The Boston Globe interviewed an extensive list of the professor’s relatives, who had conflicting memories. Some recalled stories of Indian ancestors; others did not.
Suzan Harjo, a columnist for the Indian Country Today Media Network, said that she admires Warren’s politics but that the Democrat’s claims of heritage raised all kinds of questions. If Warren considered herself Native American, what did she do for the community she claimed?
“Anyone who is a person of color and anyone who is in academia knows what a box checker is,” said Harjo, who is also president of the Morning Star Institute, a national Native American rights organization. “When I heard that it was likely that she did that, I was floored.”
Harjo called friends and Native American groups in Oklahoma, Michigan and Massachusetts to see what Warren’s interactions had been with the community. “No one knew her,” Harjo said.
Harjo, who was in the forefront of the fight against the Washington Redskins’ team name and tried to get the trademark yanked, agrees with political analysts who have said Warren has mostly bungled her handling of the issue.
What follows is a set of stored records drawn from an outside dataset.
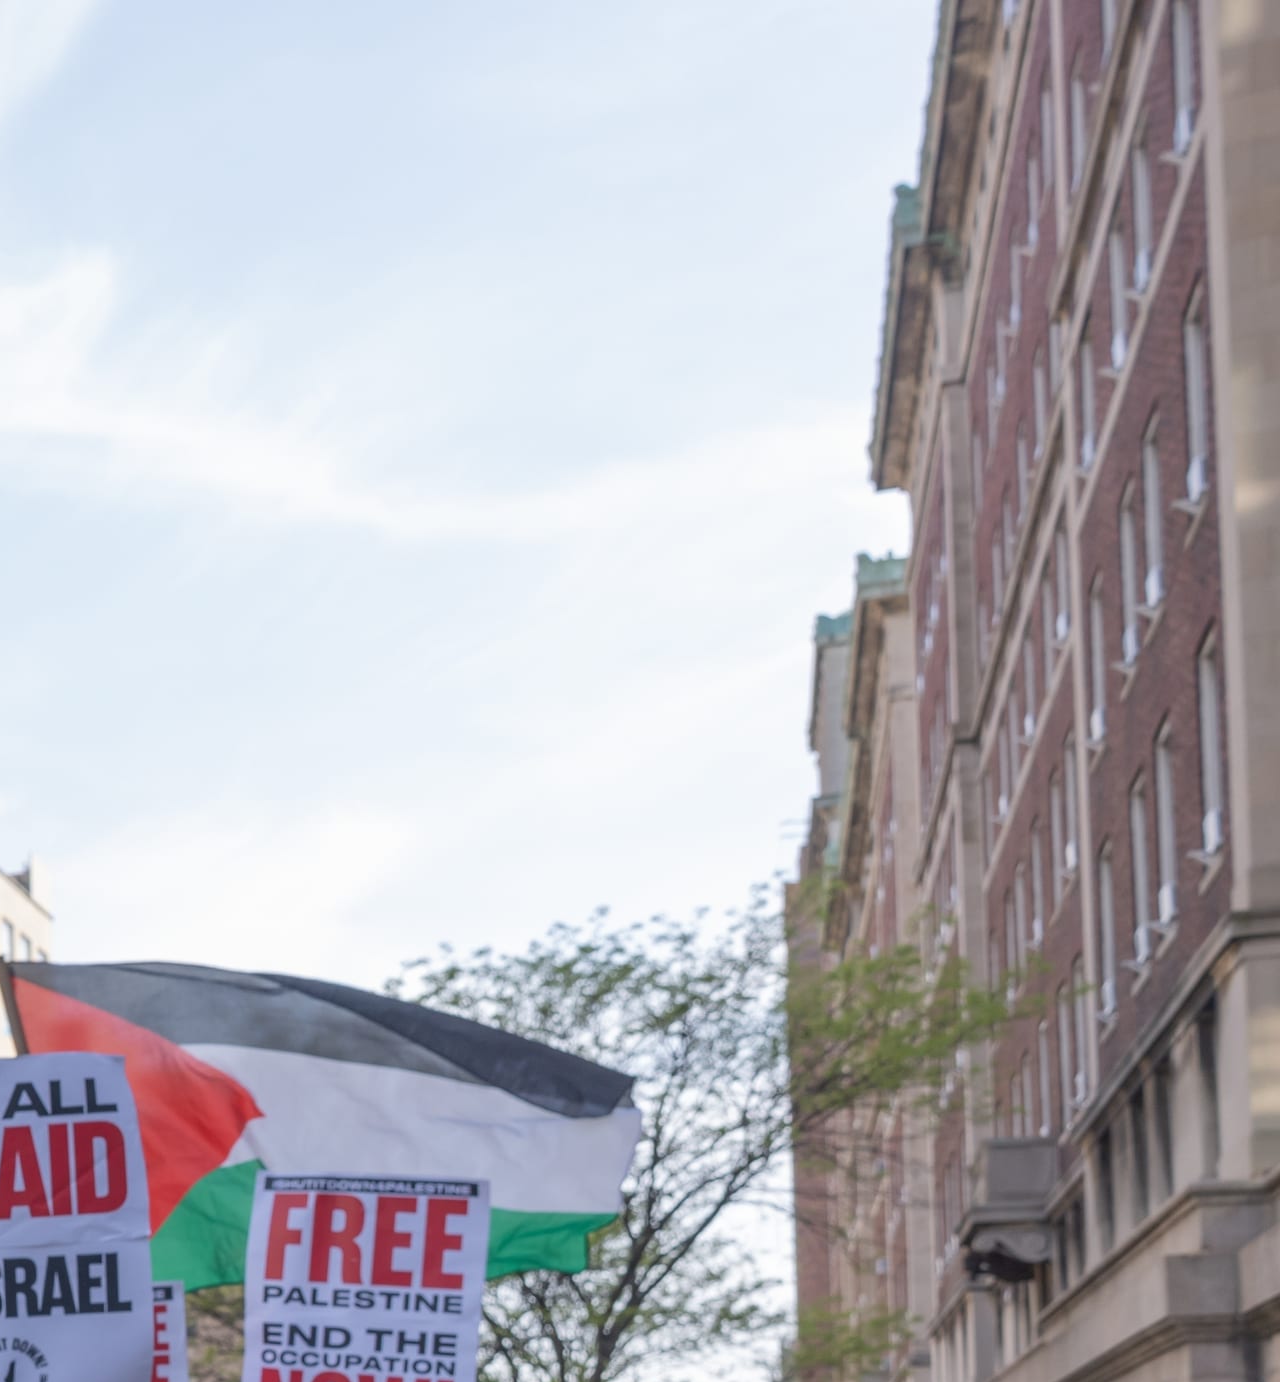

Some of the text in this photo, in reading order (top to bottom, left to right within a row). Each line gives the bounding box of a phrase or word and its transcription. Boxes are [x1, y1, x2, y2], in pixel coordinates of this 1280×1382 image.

[2, 1077, 119, 1120] ALL
[263, 1192, 469, 1290] FREE
[262, 1285, 464, 1315] PALESTINE
[11, 1337, 49, 1369] DOWN!
[262, 1322, 459, 1358] END THE
[261, 1349, 457, 1377] OCCUPATION
At one point, Warren cited her “high cheekbones” as evidence of her indigenous ancestry and said she listed herself as a minority in the professional listings merely to connect with “people like me,” noting that it was “not a particularly good use for the directory, because it never happened.”
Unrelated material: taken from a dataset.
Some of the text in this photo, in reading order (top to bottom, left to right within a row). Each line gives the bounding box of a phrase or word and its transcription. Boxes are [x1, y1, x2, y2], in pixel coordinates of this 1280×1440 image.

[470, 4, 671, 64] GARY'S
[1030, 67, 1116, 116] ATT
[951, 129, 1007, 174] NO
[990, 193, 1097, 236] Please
Warren’s decision not to meet with Native American groups that wanted to talk to her at the Democratic National Convention also rubbed Harjo the wrong way, and Harjo found herself agreeing with Brown.
Then, in the first debate of the campaign, Brown said Warren “checked the box claiming she was Native American, and, you know, clearly she’s not.” By seeming to judge Warren’s ancestry from her appearance, Brown had committed his own error, Harjo said.
“They both botched it by making it racial,” she said.
As one of the nation’s smallest minorities — and a people whose tribes have a sovereign relationship with the federal government — Native Americans have had to deal with a unique set of challenges, Clinton said.
“Everybody thinks we’re extinct, that we’re historical figures and not real people,” she said.
Others in the Native American community who are working to bring attention to issues affecting their community this election season said they, too, are frustrated. The National Congress of American Indians held “Native Vote Action Week” last week to try “bring together Indian Country in an effort to raise awareness about the importance of civic engagement and increase Native voter participation.” But there is fear that the conversation about tomahawk chops and distant heritage is taking the wind out of more important issues facing Native Americans.
“It would be nice if [the Massachusetts contest] gave people pause to even think about the fact that there are real Native people and real Native nations and pressing issues in Indian country today,” said Tsianina Lomawaima, a professor of American Indian studies at the University of Arizona who is of Muskogee (Creek) Nation heritage. “If this were an avenue to lead them to that kind of recognition, that would be swell. I’m not betting a lot of money on that.”
Alice Crites contributed to this report.